Print exactly the lines from the line with "this 2239×1260 image." to the last line of the data, please, both included.

● **SUPPLIED DATA**:
—————

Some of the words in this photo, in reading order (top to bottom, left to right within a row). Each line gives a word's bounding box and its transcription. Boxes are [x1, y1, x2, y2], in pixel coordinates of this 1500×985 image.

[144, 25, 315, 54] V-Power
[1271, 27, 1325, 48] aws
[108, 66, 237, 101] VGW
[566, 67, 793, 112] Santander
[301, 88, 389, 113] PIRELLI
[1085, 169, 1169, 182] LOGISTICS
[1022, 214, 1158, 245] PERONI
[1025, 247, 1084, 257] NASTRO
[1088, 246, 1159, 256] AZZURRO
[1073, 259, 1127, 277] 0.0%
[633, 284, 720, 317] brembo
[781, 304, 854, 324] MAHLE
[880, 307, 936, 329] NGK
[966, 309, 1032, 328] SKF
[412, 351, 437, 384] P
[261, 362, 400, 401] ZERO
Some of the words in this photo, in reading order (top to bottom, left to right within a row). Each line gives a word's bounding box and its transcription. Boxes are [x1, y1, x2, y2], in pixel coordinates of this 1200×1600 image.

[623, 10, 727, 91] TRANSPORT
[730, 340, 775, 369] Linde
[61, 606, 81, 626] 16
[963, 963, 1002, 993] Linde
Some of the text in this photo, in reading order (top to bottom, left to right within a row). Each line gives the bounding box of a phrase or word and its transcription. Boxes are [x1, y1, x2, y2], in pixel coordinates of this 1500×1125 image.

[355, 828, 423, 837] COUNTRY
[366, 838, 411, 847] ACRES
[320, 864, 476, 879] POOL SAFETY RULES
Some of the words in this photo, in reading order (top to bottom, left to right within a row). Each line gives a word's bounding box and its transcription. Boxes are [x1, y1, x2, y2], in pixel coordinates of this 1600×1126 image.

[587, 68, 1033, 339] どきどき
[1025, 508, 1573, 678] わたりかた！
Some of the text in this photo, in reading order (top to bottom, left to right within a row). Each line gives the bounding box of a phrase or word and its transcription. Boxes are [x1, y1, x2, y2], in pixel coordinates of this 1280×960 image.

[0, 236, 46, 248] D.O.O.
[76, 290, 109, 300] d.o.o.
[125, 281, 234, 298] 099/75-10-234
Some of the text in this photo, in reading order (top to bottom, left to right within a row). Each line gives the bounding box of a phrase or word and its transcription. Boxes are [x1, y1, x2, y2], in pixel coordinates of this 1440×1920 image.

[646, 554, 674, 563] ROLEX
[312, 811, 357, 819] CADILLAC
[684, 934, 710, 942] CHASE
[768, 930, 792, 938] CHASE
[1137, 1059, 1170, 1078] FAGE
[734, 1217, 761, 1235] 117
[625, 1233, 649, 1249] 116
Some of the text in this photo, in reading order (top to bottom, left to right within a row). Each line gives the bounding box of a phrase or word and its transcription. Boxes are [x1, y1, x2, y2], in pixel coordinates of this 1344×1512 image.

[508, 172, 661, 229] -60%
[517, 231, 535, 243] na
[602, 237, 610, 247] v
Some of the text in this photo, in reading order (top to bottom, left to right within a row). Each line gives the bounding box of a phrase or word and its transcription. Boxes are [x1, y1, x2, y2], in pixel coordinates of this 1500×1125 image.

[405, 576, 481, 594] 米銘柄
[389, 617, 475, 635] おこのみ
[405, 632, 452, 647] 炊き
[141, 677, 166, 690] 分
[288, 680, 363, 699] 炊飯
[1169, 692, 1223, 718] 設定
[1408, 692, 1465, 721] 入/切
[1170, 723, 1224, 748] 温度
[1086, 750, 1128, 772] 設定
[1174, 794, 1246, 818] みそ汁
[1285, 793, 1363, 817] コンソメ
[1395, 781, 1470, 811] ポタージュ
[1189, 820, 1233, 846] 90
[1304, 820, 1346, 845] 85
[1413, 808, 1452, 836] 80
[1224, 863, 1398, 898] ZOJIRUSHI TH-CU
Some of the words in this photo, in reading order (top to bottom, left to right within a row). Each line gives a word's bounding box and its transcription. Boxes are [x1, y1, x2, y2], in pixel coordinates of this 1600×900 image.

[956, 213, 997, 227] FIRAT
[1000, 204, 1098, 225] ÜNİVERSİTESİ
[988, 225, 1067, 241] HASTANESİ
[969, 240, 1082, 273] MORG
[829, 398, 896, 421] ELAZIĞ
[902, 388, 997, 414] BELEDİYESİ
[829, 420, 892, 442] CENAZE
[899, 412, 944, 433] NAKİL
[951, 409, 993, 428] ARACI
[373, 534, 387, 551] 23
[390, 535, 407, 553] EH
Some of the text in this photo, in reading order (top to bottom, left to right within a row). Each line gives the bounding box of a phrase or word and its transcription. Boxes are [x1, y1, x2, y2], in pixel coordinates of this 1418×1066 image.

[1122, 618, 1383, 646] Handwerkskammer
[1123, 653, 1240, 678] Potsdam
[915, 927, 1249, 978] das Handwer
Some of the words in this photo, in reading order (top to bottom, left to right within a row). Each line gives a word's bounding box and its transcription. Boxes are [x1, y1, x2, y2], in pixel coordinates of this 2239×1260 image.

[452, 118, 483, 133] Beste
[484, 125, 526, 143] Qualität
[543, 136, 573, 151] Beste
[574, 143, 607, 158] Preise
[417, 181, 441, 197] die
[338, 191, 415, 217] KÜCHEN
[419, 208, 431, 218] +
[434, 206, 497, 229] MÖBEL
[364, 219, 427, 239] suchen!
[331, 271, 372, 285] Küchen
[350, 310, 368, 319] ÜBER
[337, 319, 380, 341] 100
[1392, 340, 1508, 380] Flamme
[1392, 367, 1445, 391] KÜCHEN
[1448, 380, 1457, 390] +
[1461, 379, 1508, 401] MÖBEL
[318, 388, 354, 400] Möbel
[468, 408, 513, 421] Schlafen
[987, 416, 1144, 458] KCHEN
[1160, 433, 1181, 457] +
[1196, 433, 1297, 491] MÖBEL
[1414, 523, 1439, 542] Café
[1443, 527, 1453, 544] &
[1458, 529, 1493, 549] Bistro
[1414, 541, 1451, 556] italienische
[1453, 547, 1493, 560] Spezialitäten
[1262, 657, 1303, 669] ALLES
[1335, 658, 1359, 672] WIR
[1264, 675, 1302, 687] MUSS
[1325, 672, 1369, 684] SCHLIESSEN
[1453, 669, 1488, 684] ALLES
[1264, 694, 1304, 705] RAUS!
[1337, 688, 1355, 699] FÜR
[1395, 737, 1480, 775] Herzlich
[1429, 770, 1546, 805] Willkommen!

—————

● **WORKED SOLUTION**:
Some of the words in this photo, in reading order (top to bottom, left to right within a row). Each line gives a word's bounding box and its transcription. Boxes are [x1, y1, x2, y2], in pixel coordinates of this 2239×1260 image.

[452, 118, 483, 133] Beste
[484, 125, 526, 143] Qualität
[543, 136, 573, 151] Beste
[574, 143, 607, 158] Preise
[417, 181, 441, 197] die
[338, 191, 415, 217] KÜCHEN
[419, 208, 431, 218] +
[434, 206, 497, 229] MÖBEL
[364, 219, 427, 239] suchen!
[331, 271, 372, 285] Küchen
[350, 310, 368, 319] ÜBER
[337, 319, 380, 341] 100
[1392, 340, 1508, 380] Flamme
[1392, 367, 1445, 391] KÜCHEN
[1448, 380, 1457, 390] +
[1461, 379, 1508, 401] MÖBEL
[318, 388, 354, 400] Möbel
[468, 408, 513, 421] Schlafen
[987, 416, 1144, 458] KCHEN
[1160, 433, 1181, 457] +
[1196, 433, 1297, 491] MÖBEL
[1414, 523, 1439, 542] Café
[1443, 527, 1453, 544] &
[1458, 529, 1493, 549] Bistro
[1414, 541, 1451, 556] italienische
[1453, 547, 1493, 560] Spezialitäten
[1262, 657, 1303, 669] ALLES
[1335, 658, 1359, 672] WIR
[1264, 675, 1302, 687] MUSS
[1325, 672, 1369, 684] SCHLIESSEN
[1453, 669, 1488, 684] ALLES
[1264, 694, 1304, 705] RAUS!
[1337, 688, 1355, 699] FÜR
[1395, 737, 1480, 775] Herzlich
[1429, 770, 1546, 805] Willkommen!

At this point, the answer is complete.